Usually, I love reading about the political maneuvering made in the ancient Greek and Roman senate's. It fascinates me, as do all things involving politics. However, I found this book to be the exact opposite. It was laborious, difficult to focus on. I would find myself drifting off every few pages, unable to recreate the rich world of the Roman Senate, which this book drained of life. I’m sure the life of the Emperor Claudius would be fascinating, but the verbosity of this book reduced it to boring paragraphs, textbook style writing that frankly is a disservice to the ancient Emperor. What frustrates me most is that this book could have been enthralling, and had it been written differently I could see myself flying through this book. As it stands, the only reason I trudged through it was so I could review it. 

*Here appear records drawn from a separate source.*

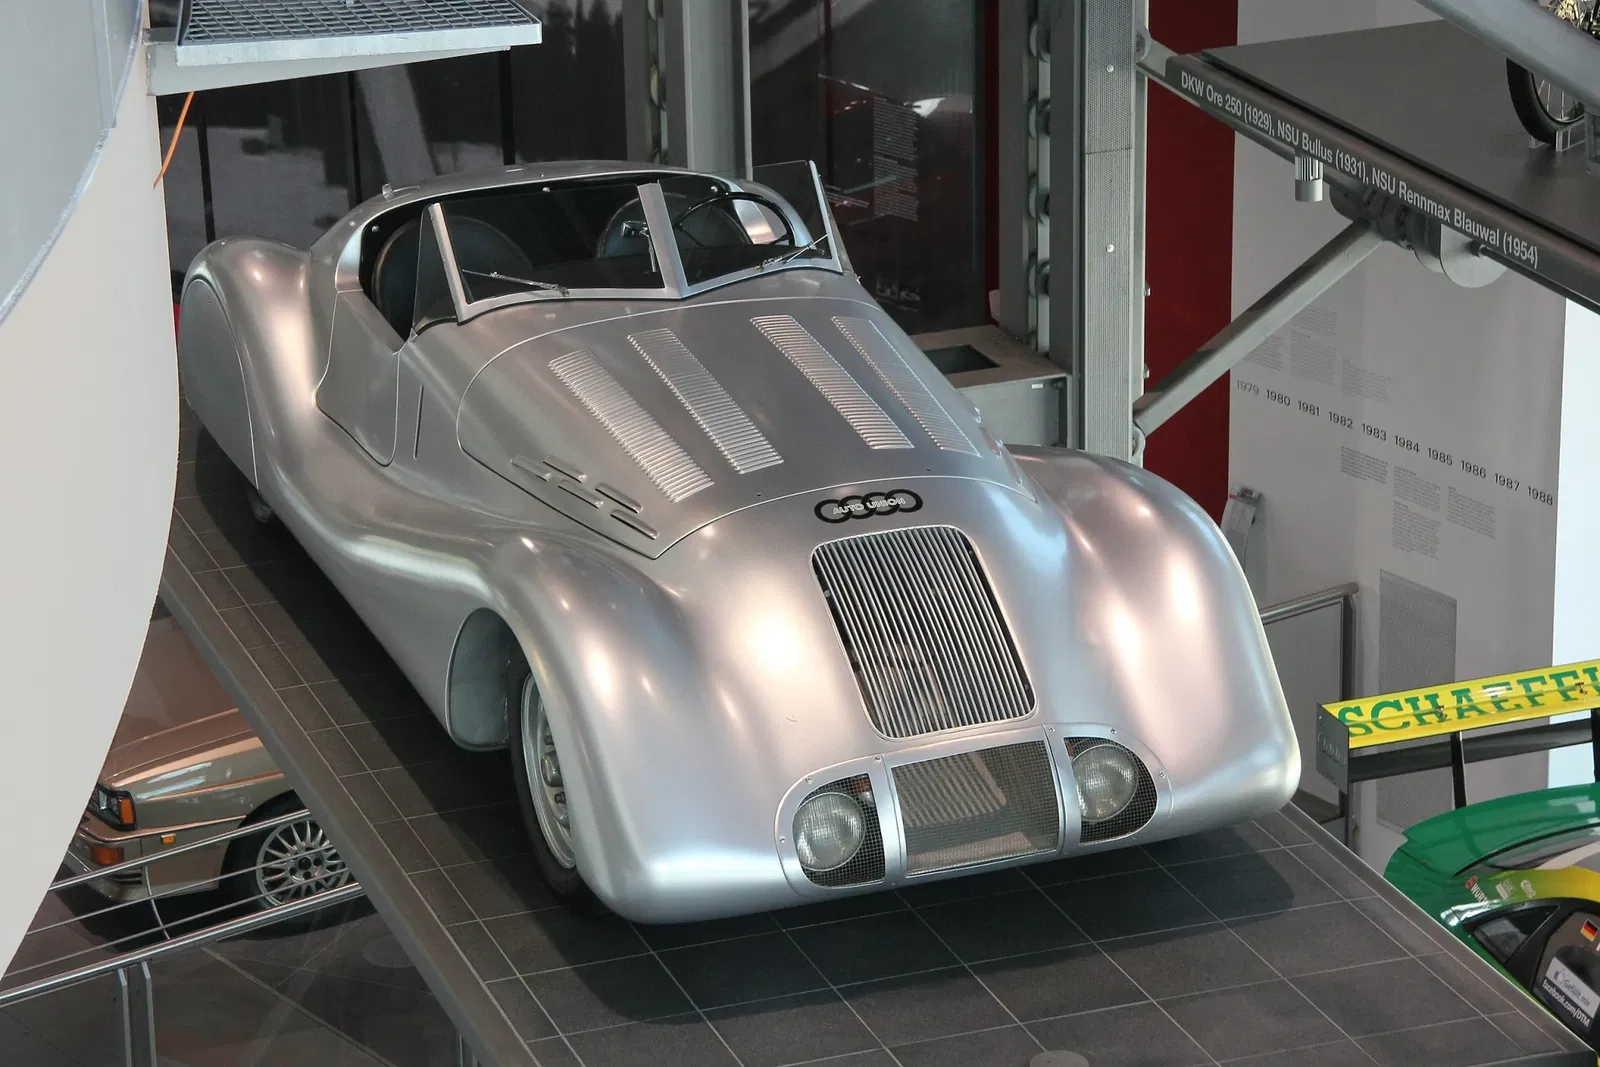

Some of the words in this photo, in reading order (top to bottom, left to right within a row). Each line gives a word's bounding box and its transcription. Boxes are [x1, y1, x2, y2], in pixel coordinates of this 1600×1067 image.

[1181, 71, 1204, 97] DKW
[1206, 84, 1223, 107] Ore
[1225, 94, 1242, 116] 250
[1244, 102, 1275, 137] (1929),
[1277, 119, 1299, 146] NSU
[1302, 132, 1333, 163] Bullus
[1335, 149, 1369, 185] (1931),
[1372, 167, 1396, 194] NSU
[1399, 180, 1451, 223] Rennmax
[1454, 207, 1500, 247] Blauwal
[1503, 231, 1539, 269] (1954)
[1236, 379, 1260, 396] 1979
[1265, 389, 1291, 407] 1980
[1298, 400, 1320, 417] 1981
[1328, 411, 1354, 429] 1982
[1362, 423, 1387, 442] 1983
[1394, 435, 1420, 453] 1984
[1427, 447, 1453, 466] 1985
[1460, 460, 1487, 479] 1986
[1494, 473, 1520, 491] 1987
[1527, 486, 1554, 506] 1988
[832, 503, 865, 515] AUTO
[865, 497, 906, 509] UNION
[1542, 979, 1591, 1028] facebook.com/DTM
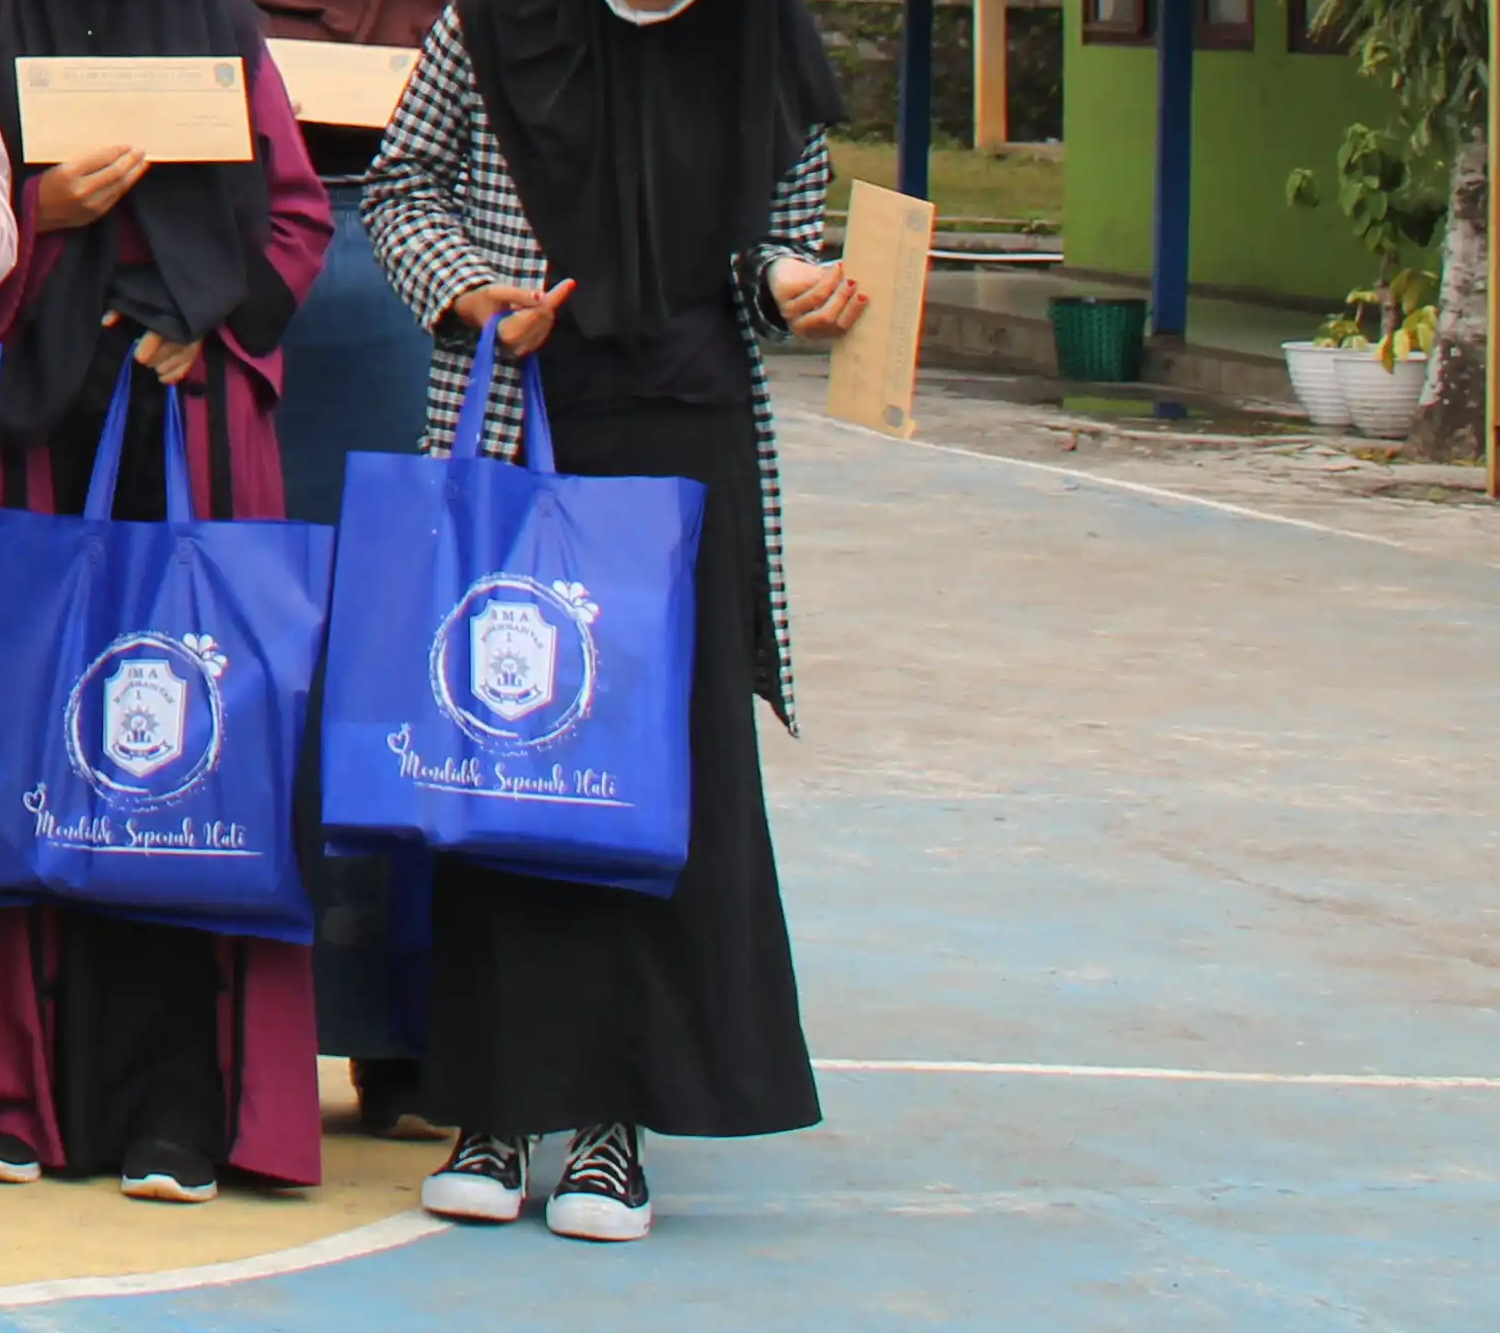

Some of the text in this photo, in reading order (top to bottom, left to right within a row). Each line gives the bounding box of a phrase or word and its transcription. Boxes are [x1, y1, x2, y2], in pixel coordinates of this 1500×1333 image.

​The way that the books was written is actually unique, or at least I’ve never read anything like it. Graves wrote as Claudius and from his point of view. It is conversational, like you’re sitting across from Claudius and chatting. The book flits from topic to topic, never seeming to find a coherent way through the Emperor’s life, at once both in the future and the past. Honestly, I think Claudius was probably a much better writer than that. Many of the Roman Emperors were tyrannical, awful people (Nero comes to mind) and many of the motivations of the Empire as a whole are questionable at best, but I really think they would have written better than this. Then again, the Romans sacked the Great Library of Alexandria (I don’t know about you, but I’m still upset), so who can say really?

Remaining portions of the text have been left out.